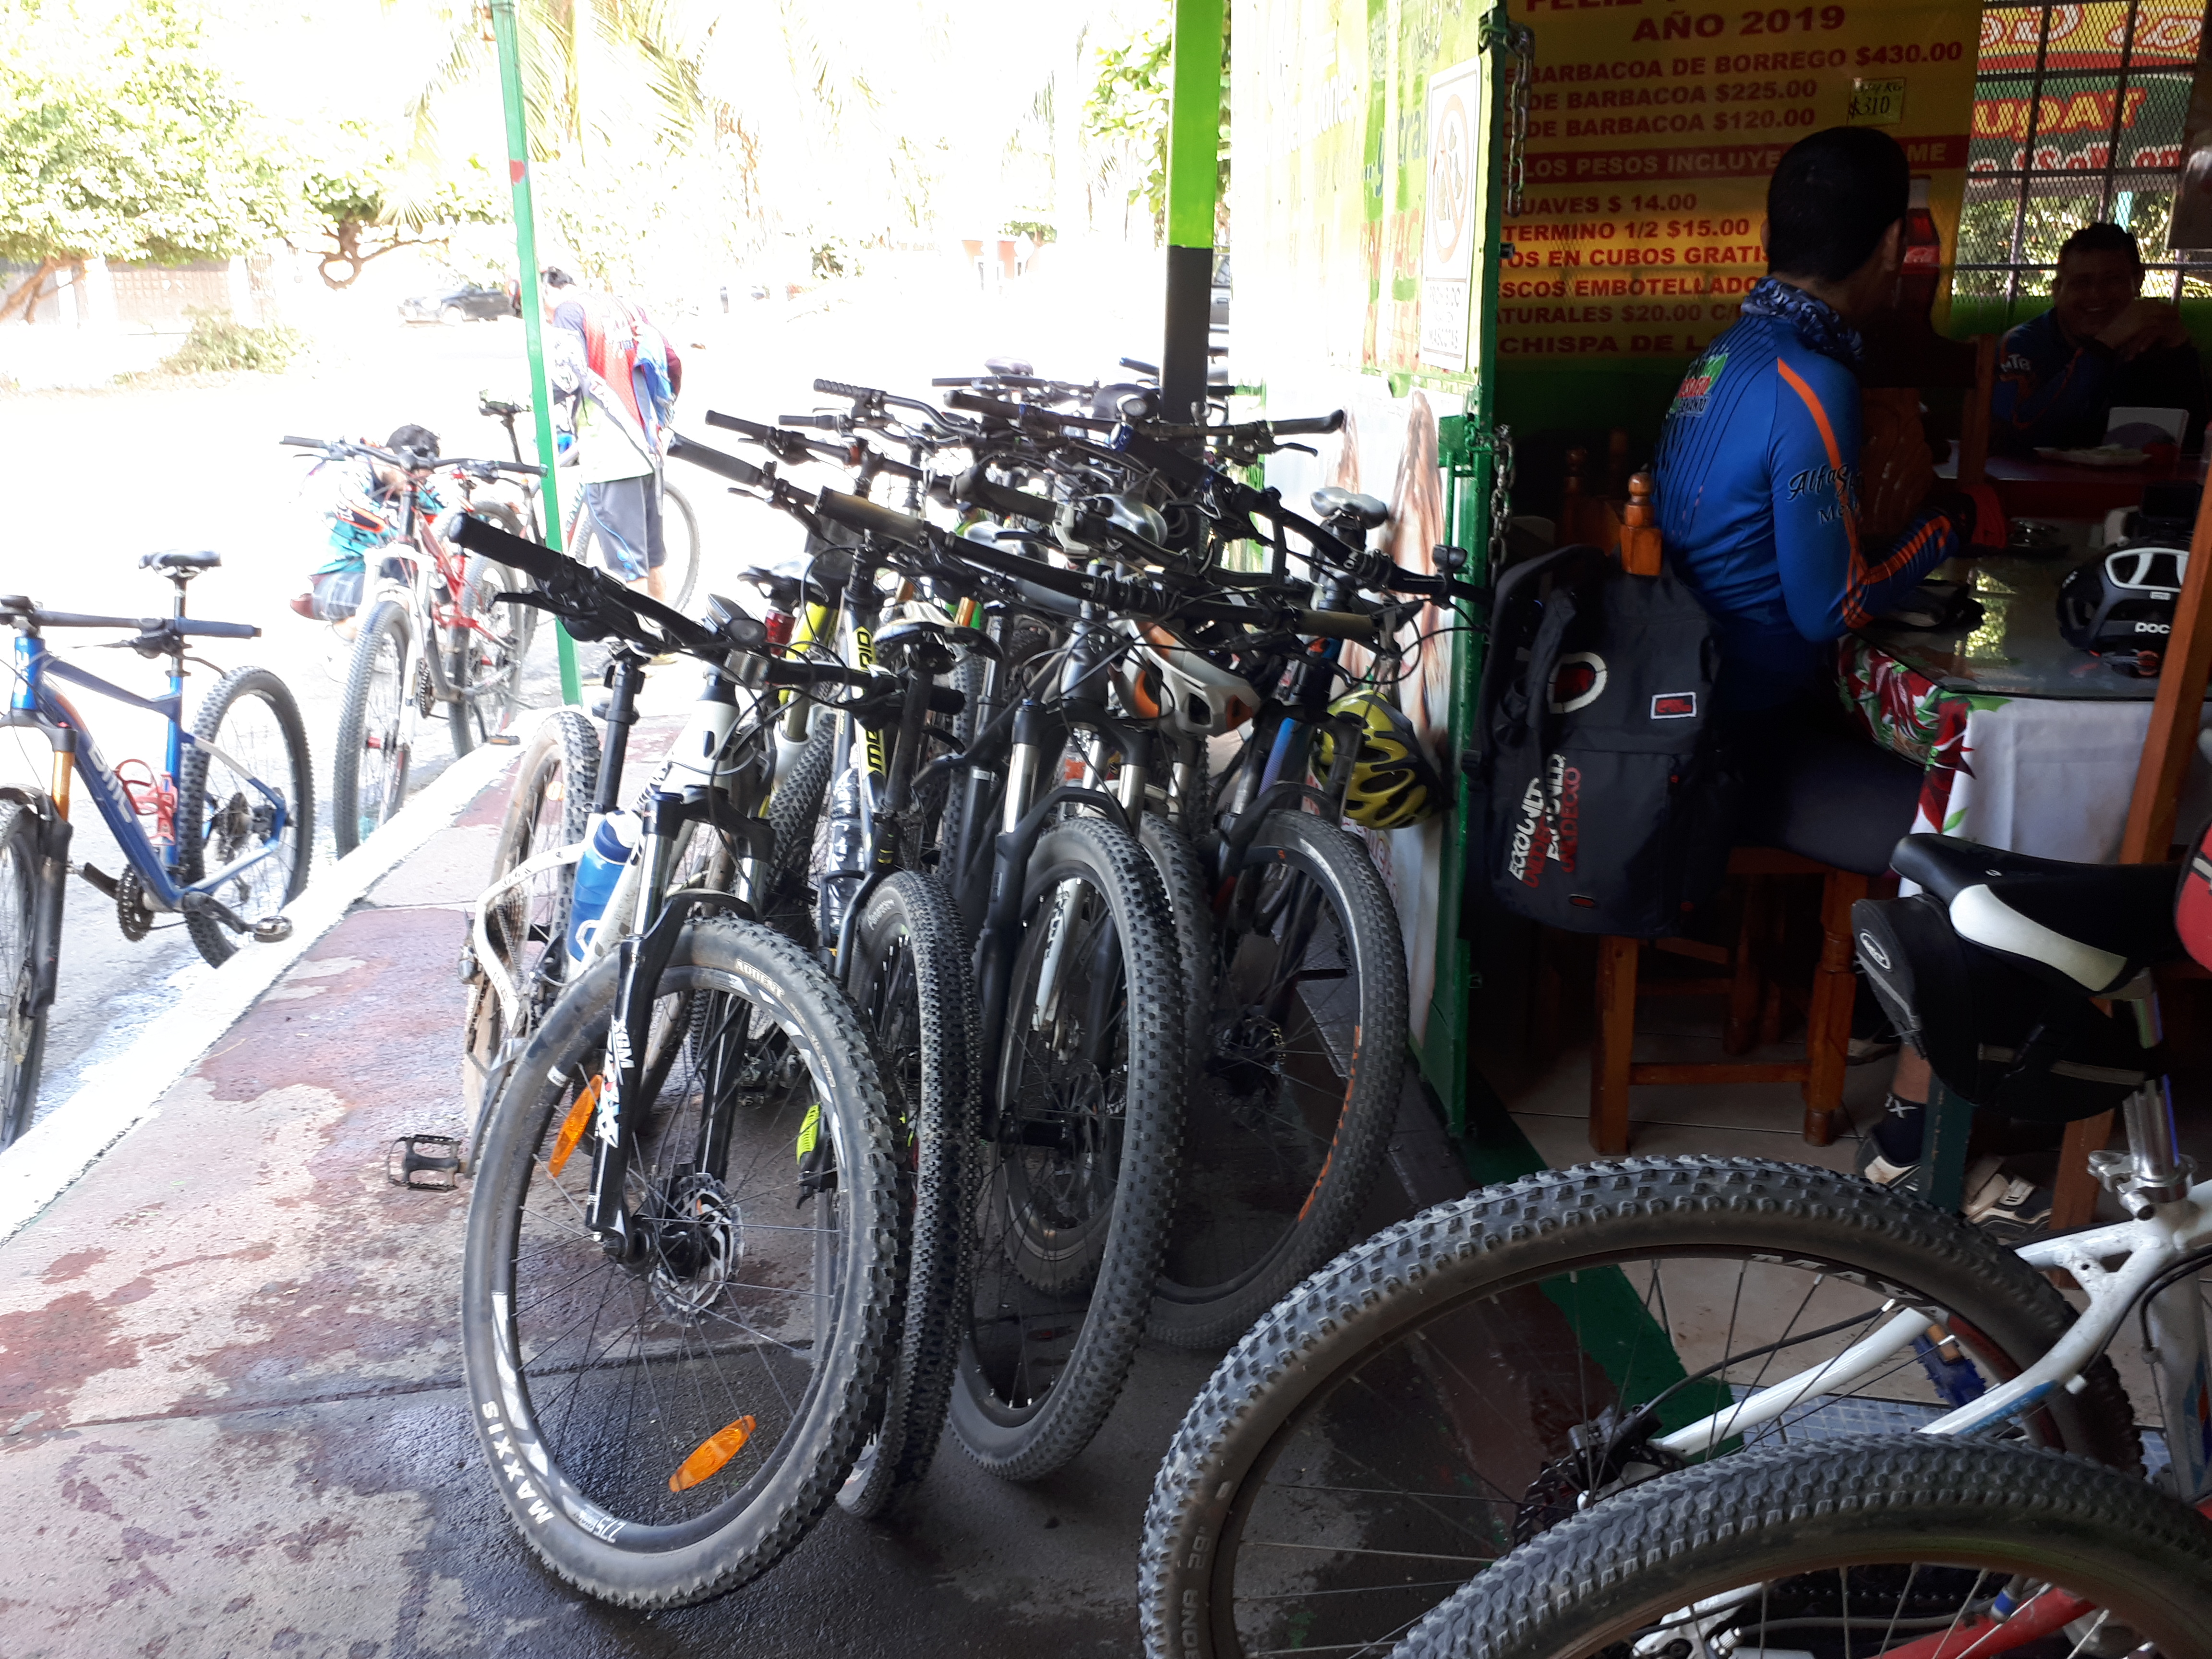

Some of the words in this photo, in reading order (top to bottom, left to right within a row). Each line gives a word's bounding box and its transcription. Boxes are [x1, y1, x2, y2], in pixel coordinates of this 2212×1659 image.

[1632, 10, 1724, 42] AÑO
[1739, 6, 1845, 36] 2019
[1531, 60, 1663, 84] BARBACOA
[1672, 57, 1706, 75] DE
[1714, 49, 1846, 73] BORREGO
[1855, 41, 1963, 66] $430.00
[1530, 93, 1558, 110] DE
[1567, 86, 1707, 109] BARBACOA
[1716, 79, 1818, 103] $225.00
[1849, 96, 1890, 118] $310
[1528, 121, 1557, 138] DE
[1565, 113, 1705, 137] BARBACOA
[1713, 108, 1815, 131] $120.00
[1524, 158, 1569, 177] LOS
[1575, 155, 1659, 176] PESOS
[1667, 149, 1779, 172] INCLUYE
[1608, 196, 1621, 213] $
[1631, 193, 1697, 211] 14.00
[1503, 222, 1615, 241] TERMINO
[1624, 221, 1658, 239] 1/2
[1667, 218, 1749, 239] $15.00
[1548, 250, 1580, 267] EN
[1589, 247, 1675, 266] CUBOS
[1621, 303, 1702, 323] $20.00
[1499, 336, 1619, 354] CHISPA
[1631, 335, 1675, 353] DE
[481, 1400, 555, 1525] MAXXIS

## What is needed
All entries above should be returned exactly, apart from their pictures.

## Result of the task
Some of the words in this photo, in reading order (top to bottom, left to right within a row). Each line gives a word's bounding box and its transcription. Boxes are [x1, y1, x2, y2], in pixel coordinates of this 2212×1659 image.

[1632, 10, 1724, 42] AÑO
[1739, 6, 1845, 36] 2019
[1531, 60, 1663, 84] BARBACOA
[1672, 57, 1706, 75] DE
[1714, 49, 1846, 73] BORREGO
[1855, 41, 1963, 66] $430.00
[1530, 93, 1558, 110] DE
[1567, 86, 1707, 109] BARBACOA
[1716, 79, 1818, 103] $225.00
[1849, 96, 1890, 118] $310
[1528, 121, 1557, 138] DE
[1565, 113, 1705, 137] BARBACOA
[1713, 108, 1815, 131] $120.00
[1524, 158, 1569, 177] LOS
[1575, 155, 1659, 176] PESOS
[1667, 149, 1779, 172] INCLUYE
[1608, 196, 1621, 213] $
[1631, 193, 1697, 211] 14.00
[1503, 222, 1615, 241] TERMINO
[1624, 221, 1658, 239] 1/2
[1667, 218, 1749, 239] $15.00
[1548, 250, 1580, 267] EN
[1589, 247, 1675, 266] CUBOS
[1621, 303, 1702, 323] $20.00
[1499, 336, 1619, 354] CHISPA
[1631, 335, 1675, 353] DE
[481, 1400, 555, 1525] MAXXIS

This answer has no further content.